Mandelson files reveal blistering attacks on Starmer and No 10
Mandelson called Starmer lacking verve and No 10 “beleaguered and bereft” as the government released another 1,000 pages of files.

Peter Mandelson’s private contempt for Keir Starmer and the No 10 operation was laid bare in another 1,000 pages of files that deepen a row over Labour’s judgment, its internal culture and the handling of his appointment as ambassador to the United States.
The second tranche of documents, published on 1 June 2026, pushed the disclosure into what ministers described as one of the largest government releases ever laid before Parliament. Darren Jones told the House of Commons that the Cabinet Office alone spent more than £1 million on the process, underscoring the scale of a political damage-control exercise that has become much bigger than one appointment.

At the centre of the new material is Mandelson’s blunt assessment of the Labour government after its poor local election results in May 2025. In a message to then Cabinet Office minister Pat McFadden, Mandelson said Starmer “lacks verve as does the Cabinet as a whole” and added that the government needed “more panache.” He said Labour’s problems “stem from the top,” described No 10 as “beleaguered and bereft,” and warned that the government did not “do policy, generally speaking, well enough.”
The papers also show Mandelson turning his fire on Labour MPs, relaying complaints that members were asking “who can we tax to pay benefits to others.” Those messages matter because they show a senior Labour figure not simply trading gossip, but diagnosing what he saw as a deeper weakness in the party’s political instincts and policy discipline.

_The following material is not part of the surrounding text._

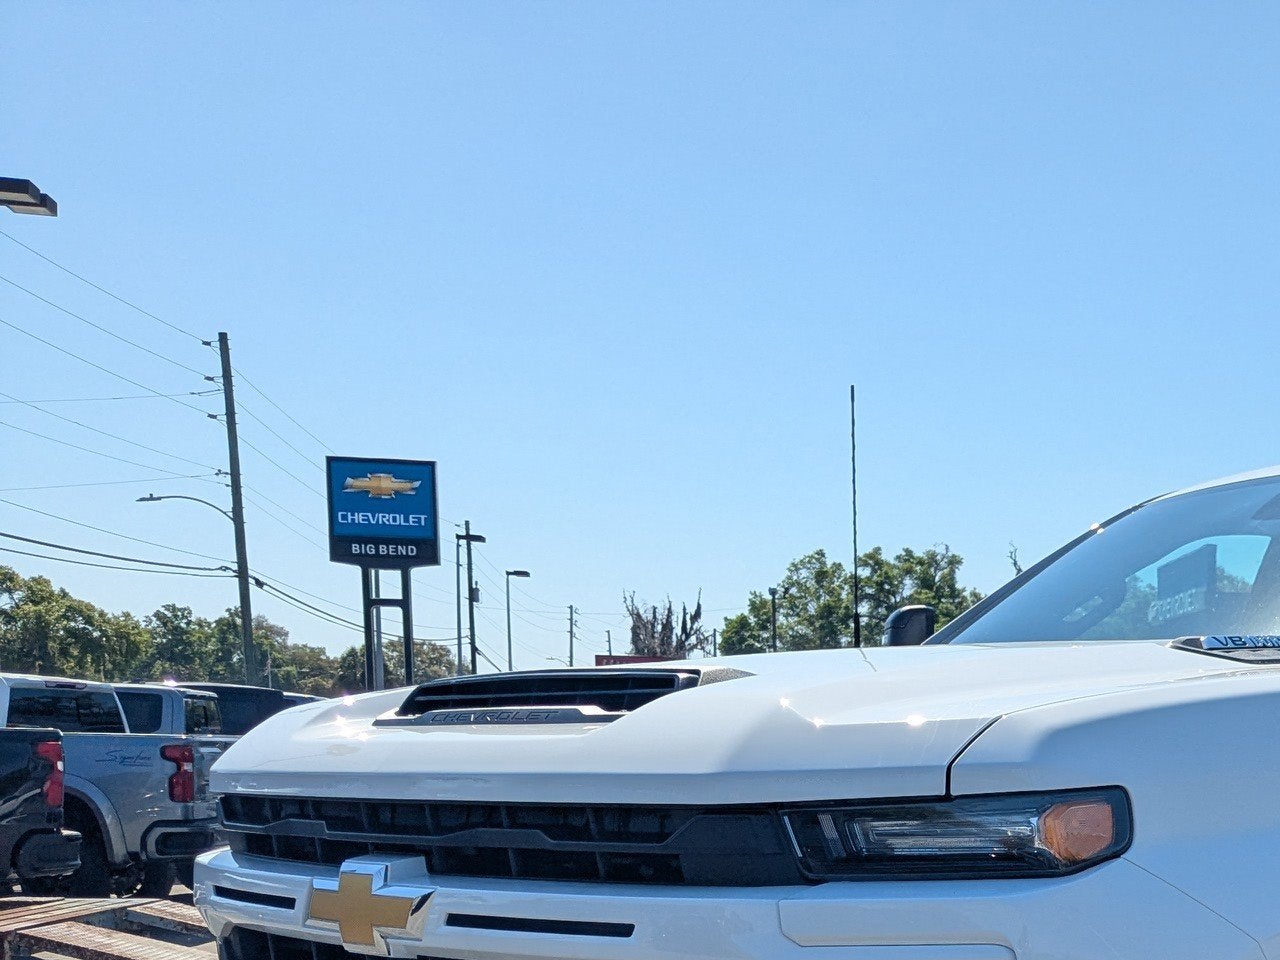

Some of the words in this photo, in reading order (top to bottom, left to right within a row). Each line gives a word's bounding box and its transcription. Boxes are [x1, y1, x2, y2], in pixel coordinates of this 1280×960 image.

The files widen the focus beyond Westminster sniping. They include exchanges with David Lammy, Pat McFadden, Torsten Bell and Louise Haigh, and one message to Lammy in which Mandelson said he would “never regret it” if appointed ambassador. Another episode captures Mandelson’s frustration over Donald Trump’s request for a red dispatch box with a gold crest and lettering, a scene Mandelson said was something out of “The Thick Of It.” Trump eventually got the box when Starmer presented it to him at Chequers.
The latest release also feeds the broader controversy over how seriously Labour treated warnings about Mandelson’s suitability. Earlier documents had already shown senior officials thought the appointment was “weirdly rushed,” with national security adviser Jonathan Powell among those raising concerns during vetting. The files suggest officials were scrambling to complete the process quickly, while some papers point to confusion over how much Mandelson had to disclose about foreign contacts.
What began as an attempt to strengthen ties with Trump’s White House has instead become a persistent embarrassment for Starmer, reopening questions about who knew what, when they knew it, and whether the government is now trying to contain the fallout from a politically explosive appointment.